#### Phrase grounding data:
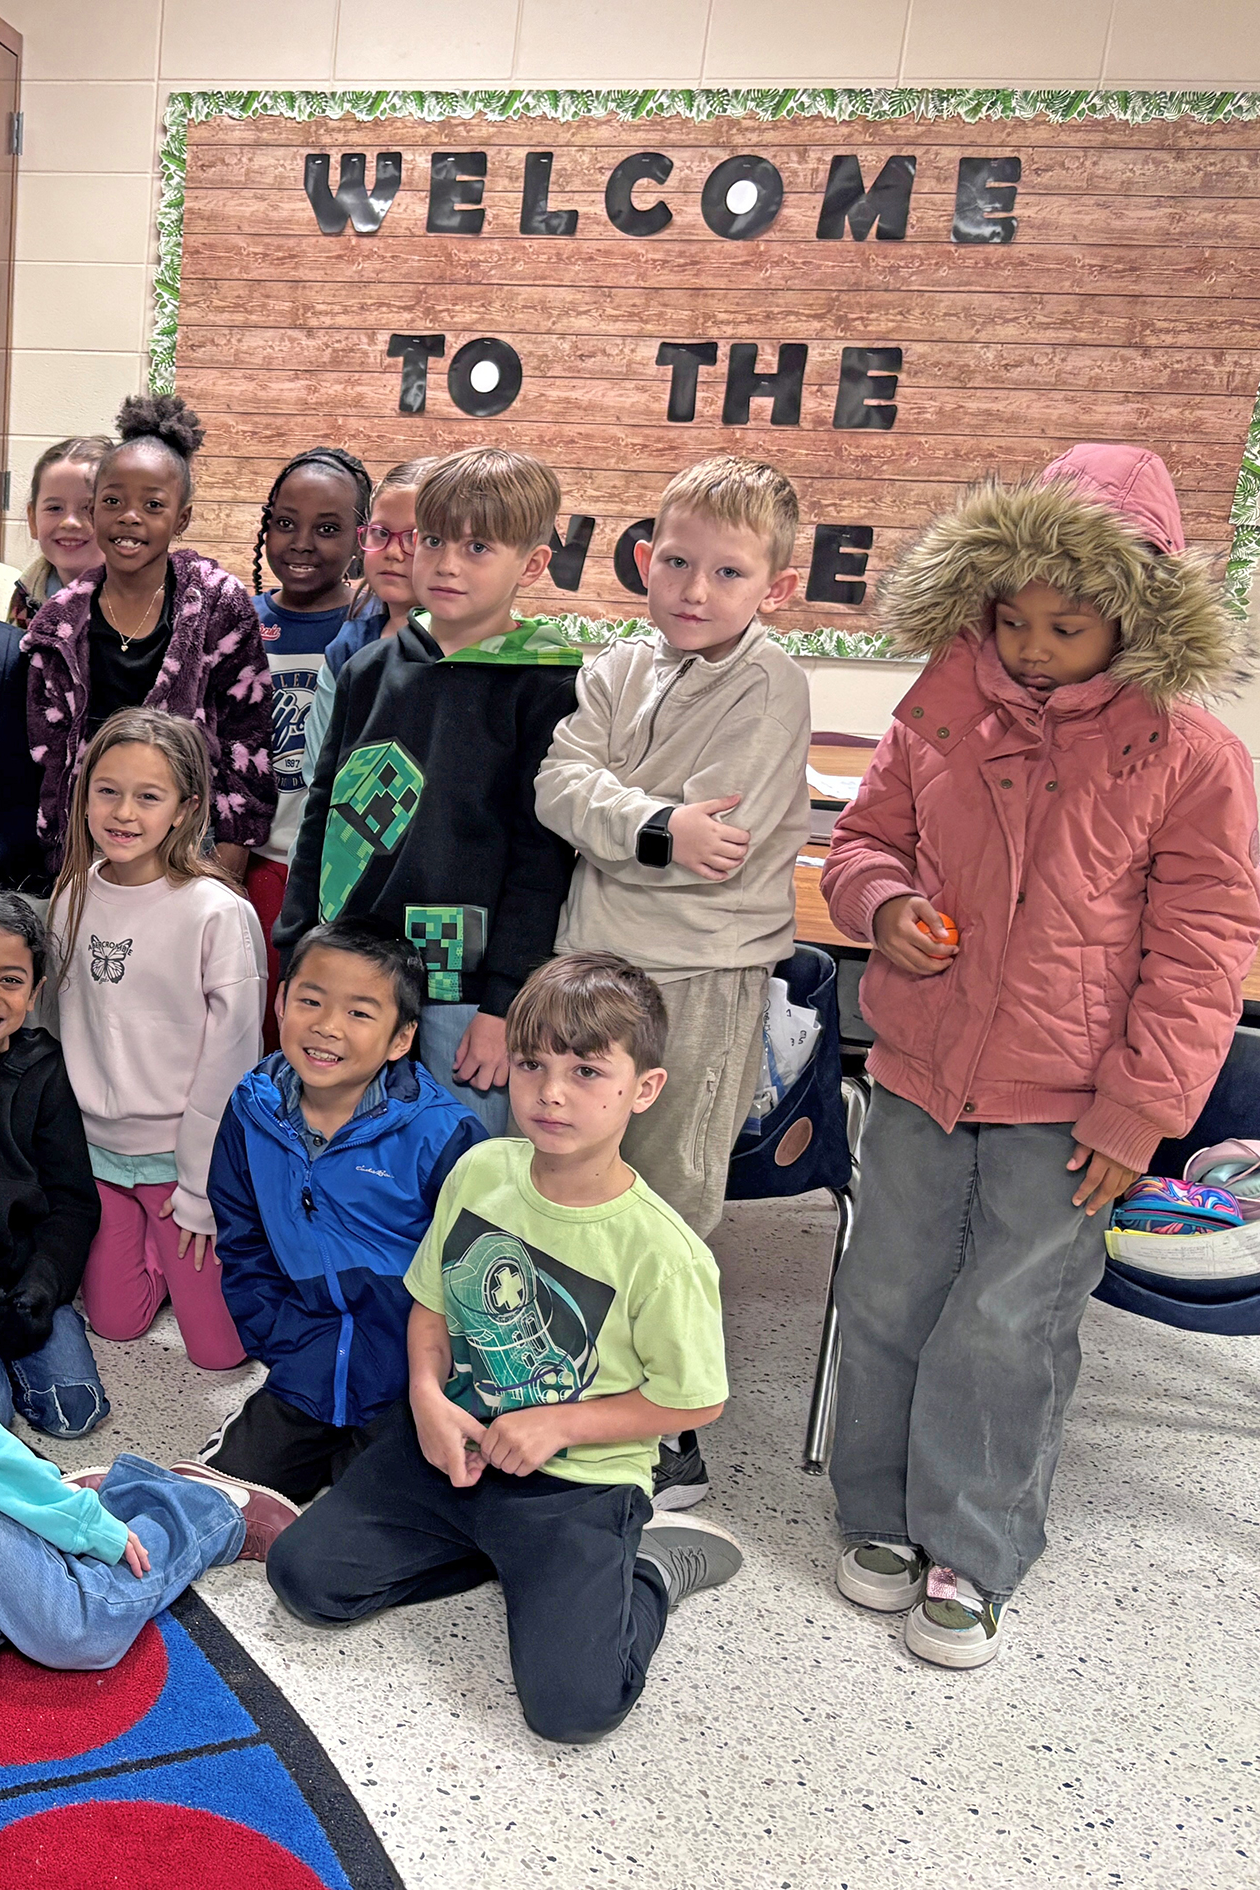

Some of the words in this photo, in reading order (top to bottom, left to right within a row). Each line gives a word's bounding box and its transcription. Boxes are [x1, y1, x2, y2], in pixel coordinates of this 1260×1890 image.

[304, 151, 1022, 243] WELCOME
[386, 333, 522, 417] TO
[655, 342, 902, 429] THE
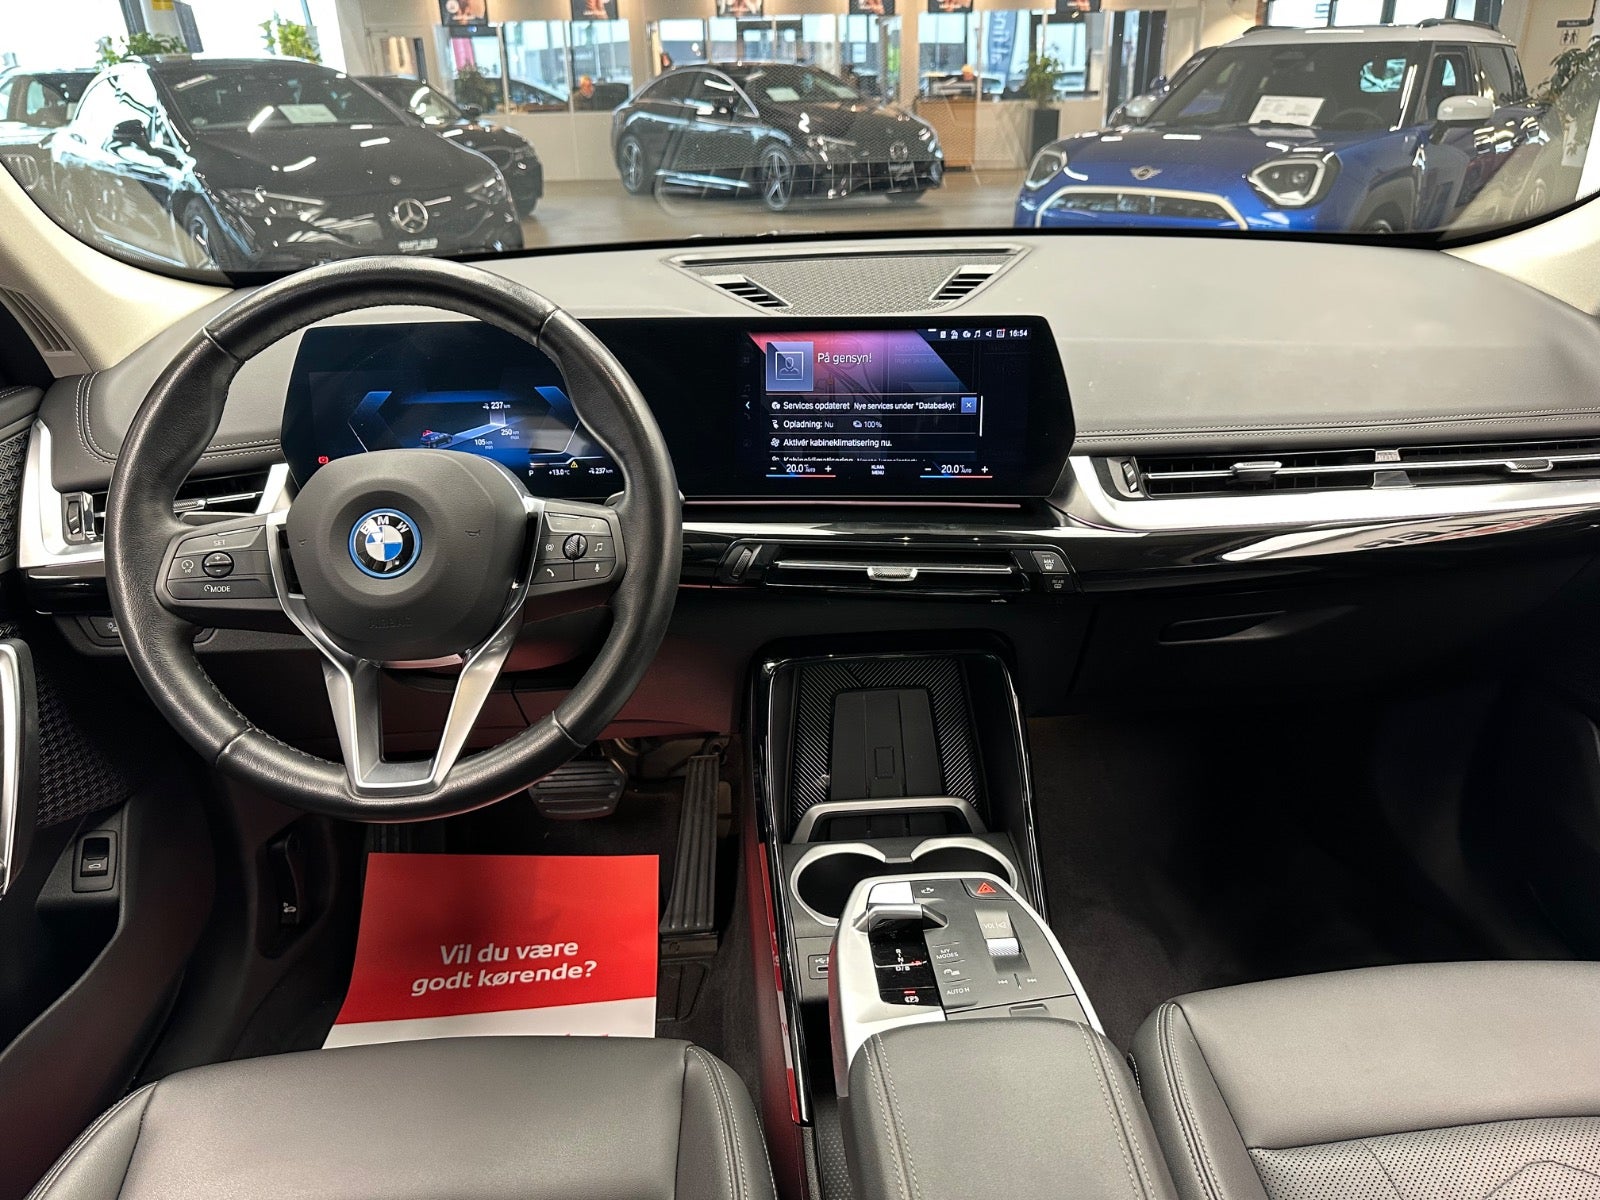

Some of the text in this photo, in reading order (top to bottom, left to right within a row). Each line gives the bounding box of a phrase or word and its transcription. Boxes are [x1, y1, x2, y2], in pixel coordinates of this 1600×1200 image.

[1009, 329, 1028, 337] 16:54
[817, 352, 872, 365] På gensyn!
[490, 401, 504, 410] 237
[783, 401, 850, 411] Services opdateret
[853, 402, 866, 410] Nye
[867, 402, 894, 410] services
[894, 402, 914, 410] under
[783, 420, 823, 430] Opladning:
[864, 421, 883, 429] 100%
[501, 428, 513, 436] 250
[783, 438, 893, 449] Aktivér kabineklimatisering nu.
[786, 463, 804, 473] 20.0
[941, 464, 960, 474] 20.0
[360, 515, 410, 535] BMW
[210, 585, 231, 593] MODE
[440, 941, 579, 965] Vil du være
[936, 952, 959, 960] MODES
[410, 960, 598, 997] godt kørende?
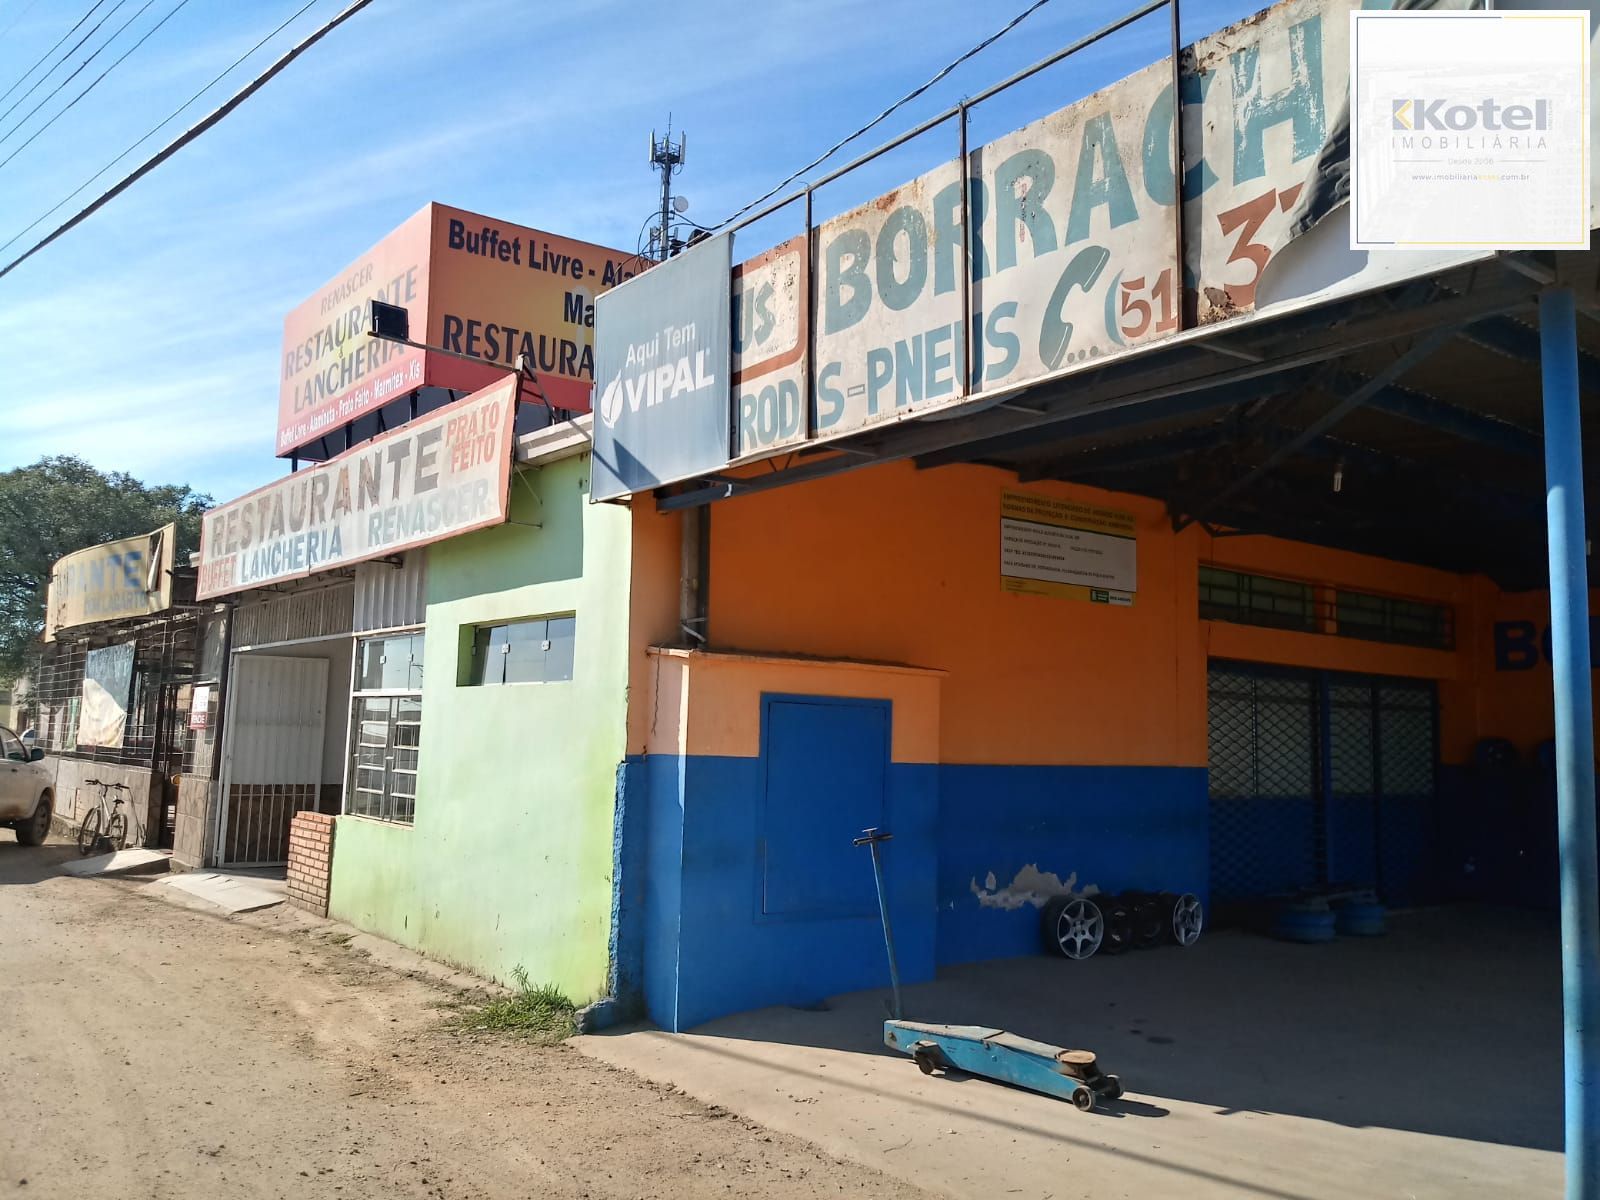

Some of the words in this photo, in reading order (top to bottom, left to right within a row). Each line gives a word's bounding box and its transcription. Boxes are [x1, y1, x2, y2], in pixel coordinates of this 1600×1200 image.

[825, 12, 1329, 336] BORRACH
[448, 218, 521, 267] Buffet
[529, 239, 583, 280] Livre
[320, 262, 374, 315] RENASCER
[294, 338, 406, 414] LANCHERIA
[625, 332, 659, 368] Aqui
[664, 322, 695, 352] Tem
[339, 399, 354, 417] Prato
[354, 388, 370, 409] Feito
[374, 370, 404, 399] Marmitex
[409, 360, 420, 381] Xis
[625, 349, 715, 413] VIPAL
[446, 401, 500, 449] PRATO
[450, 431, 496, 474] FEITO
[211, 424, 444, 559] RESTAURANTE
[241, 524, 343, 583] LANCHERIA
[368, 478, 489, 548] RENASCER
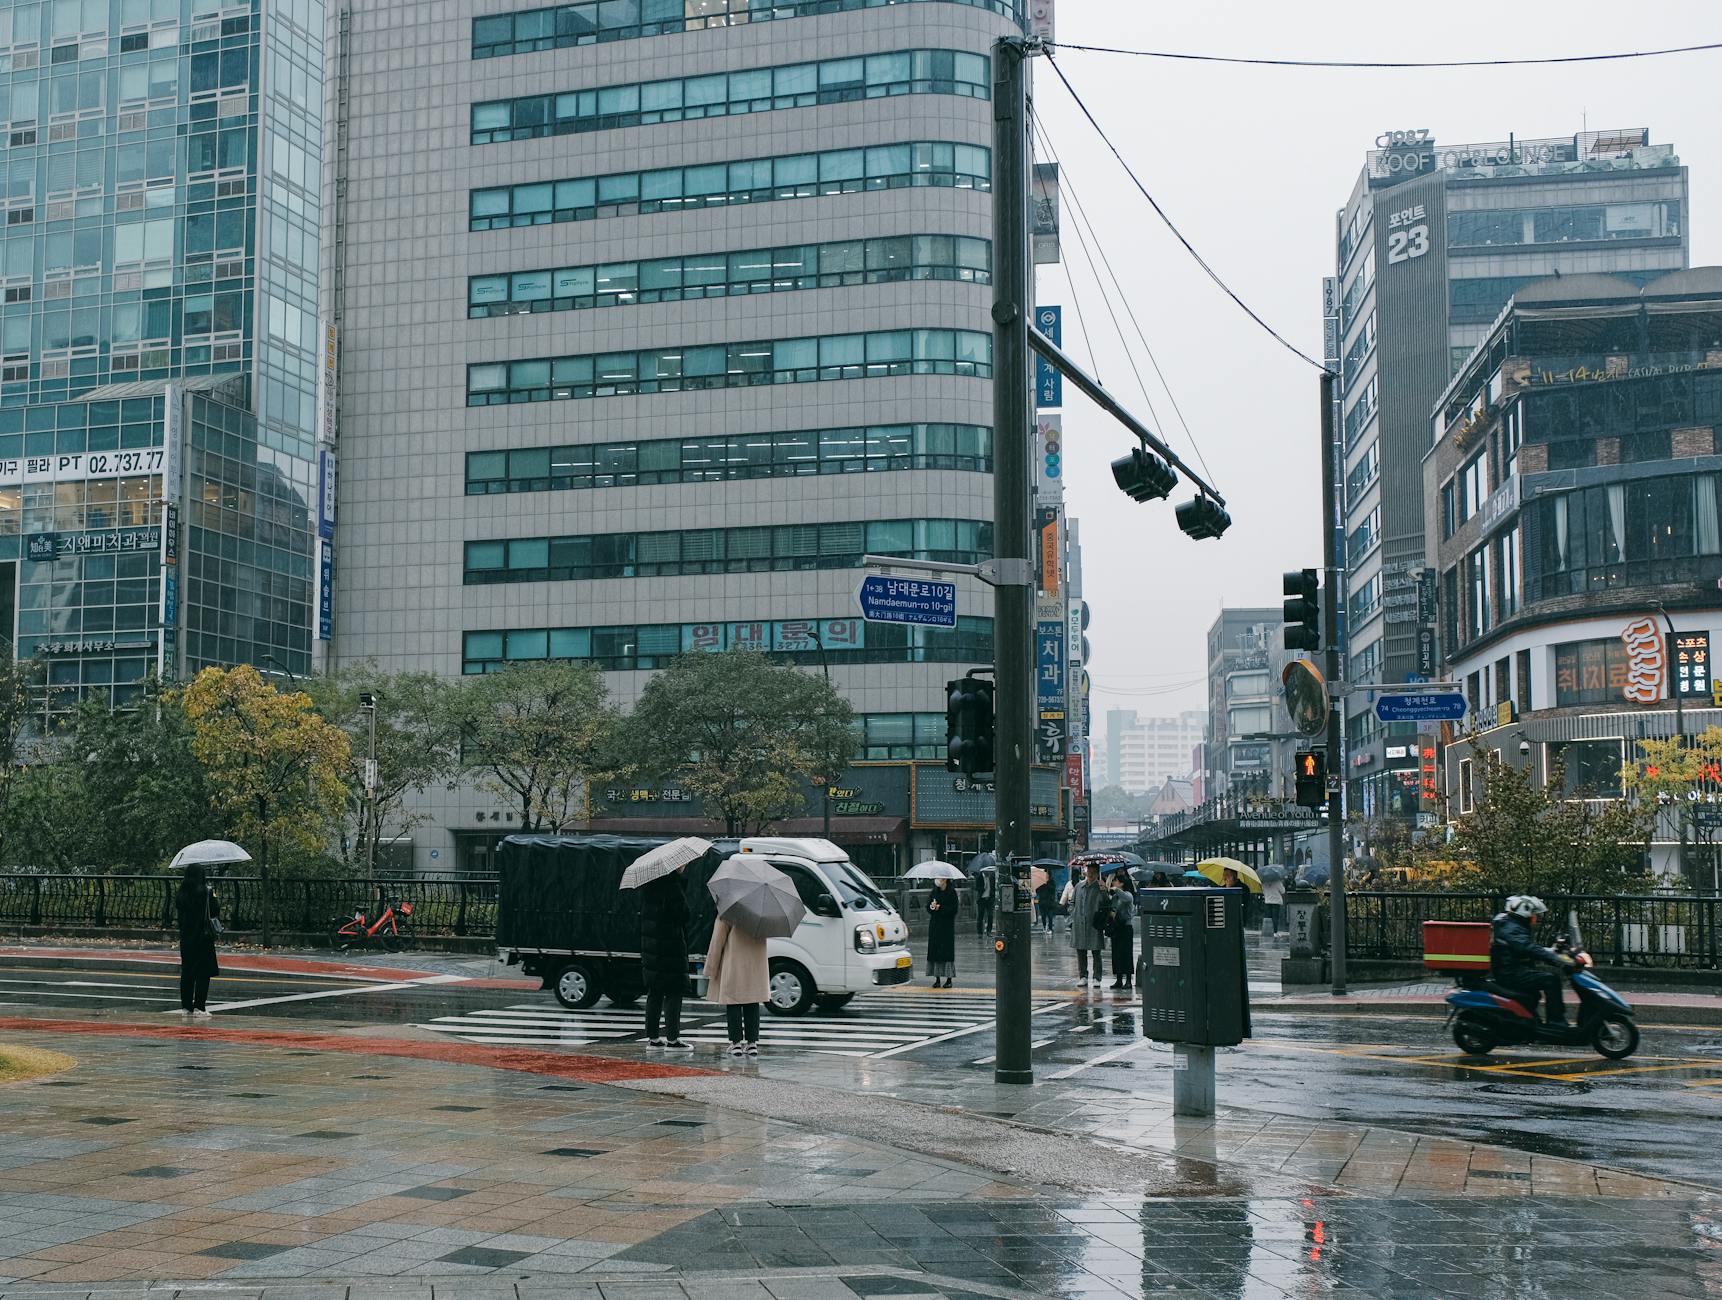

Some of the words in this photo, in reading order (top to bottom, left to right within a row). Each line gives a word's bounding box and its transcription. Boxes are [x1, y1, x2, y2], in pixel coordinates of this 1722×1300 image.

[1388, 205, 1426, 229] 포인트
[1388, 224, 1429, 264] 23
[59, 455, 82, 471] PT
[887, 581, 953, 601] 남대문로10길
[868, 595, 929, 610] Namdaemun-ro
[931, 601, 953, 613] 10-gil
[1676, 636, 1707, 648] 스포츠
[1041, 640, 1061, 685] 치과
[1041, 721, 1065, 754] 휴
[1240, 810, 1277, 820] Avenue

#### PROBLEM:
Leave out the pictures and transcribe the entries above exactly.

#### WRITTEN SOLUTION:
Some of the words in this photo, in reading order (top to bottom, left to right within a row). Each line gives a word's bounding box and its transcription. Boxes are [x1, y1, x2, y2], in pixel coordinates of this 1260×1890 image.

[304, 151, 1022, 243] WELCOME
[386, 333, 522, 417] TO
[655, 342, 902, 429] THE

Some of the text in this photo, in reading order (top to bottom, left to right within a row). Each line gives the bounding box of a phrase or word and its transcription. Boxes are [x1, y1, x2, y2], in pixel coordinates of this 1600×1200 image.

[1009, 329, 1028, 337] 16:54
[817, 352, 872, 365] På gensyn!
[490, 401, 504, 410] 237
[783, 401, 850, 411] Services opdateret
[853, 402, 866, 410] Nye
[867, 402, 894, 410] services
[894, 402, 914, 410] under
[783, 420, 823, 430] Opladning:
[864, 421, 883, 429] 100%
[501, 428, 513, 436] 250
[783, 438, 893, 449] Aktivér kabineklimatisering nu.
[786, 463, 804, 473] 20.0
[941, 464, 960, 474] 20.0
[360, 515, 410, 535] BMW
[210, 585, 231, 593] MODE
[440, 941, 579, 965] Vil du være
[936, 952, 959, 960] MODES
[410, 960, 598, 997] godt kørende?

Some of the words in this photo, in reading order (top to bottom, left to right within a row). Each line gives a word's bounding box and its transcription. Boxes are [x1, y1, x2, y2], in pixel coordinates of this 1600×1200 image.

[825, 12, 1329, 336] BORRACH
[448, 218, 521, 267] Buffet
[529, 239, 583, 280] Livre
[320, 262, 374, 315] RENASCER
[294, 338, 406, 414] LANCHERIA
[625, 332, 659, 368] Aqui
[664, 322, 695, 352] Tem
[339, 399, 354, 417] Prato
[354, 388, 370, 409] Feito
[374, 370, 404, 399] Marmitex
[409, 360, 420, 381] Xis
[625, 349, 715, 413] VIPAL
[446, 401, 500, 449] PRATO
[450, 431, 496, 474] FEITO
[211, 424, 444, 559] RESTAURANTE
[241, 524, 343, 583] LANCHERIA
[368, 478, 489, 548] RENASCER

Some of the words in this photo, in reading order (top to bottom, left to right within a row). Each line gives a word's bounding box and its transcription. Boxes are [x1, y1, x2, y2], in pixel coordinates of this 1722×1300 image.

[1388, 205, 1426, 229] 포인트
[1388, 224, 1429, 264] 23
[59, 455, 82, 471] PT
[887, 581, 953, 601] 남대문로10길
[868, 595, 929, 610] Namdaemun-ro
[931, 601, 953, 613] 10-gil
[1676, 636, 1707, 648] 스포츠
[1041, 640, 1061, 685] 치과
[1041, 721, 1065, 754] 휴
[1240, 810, 1277, 820] Avenue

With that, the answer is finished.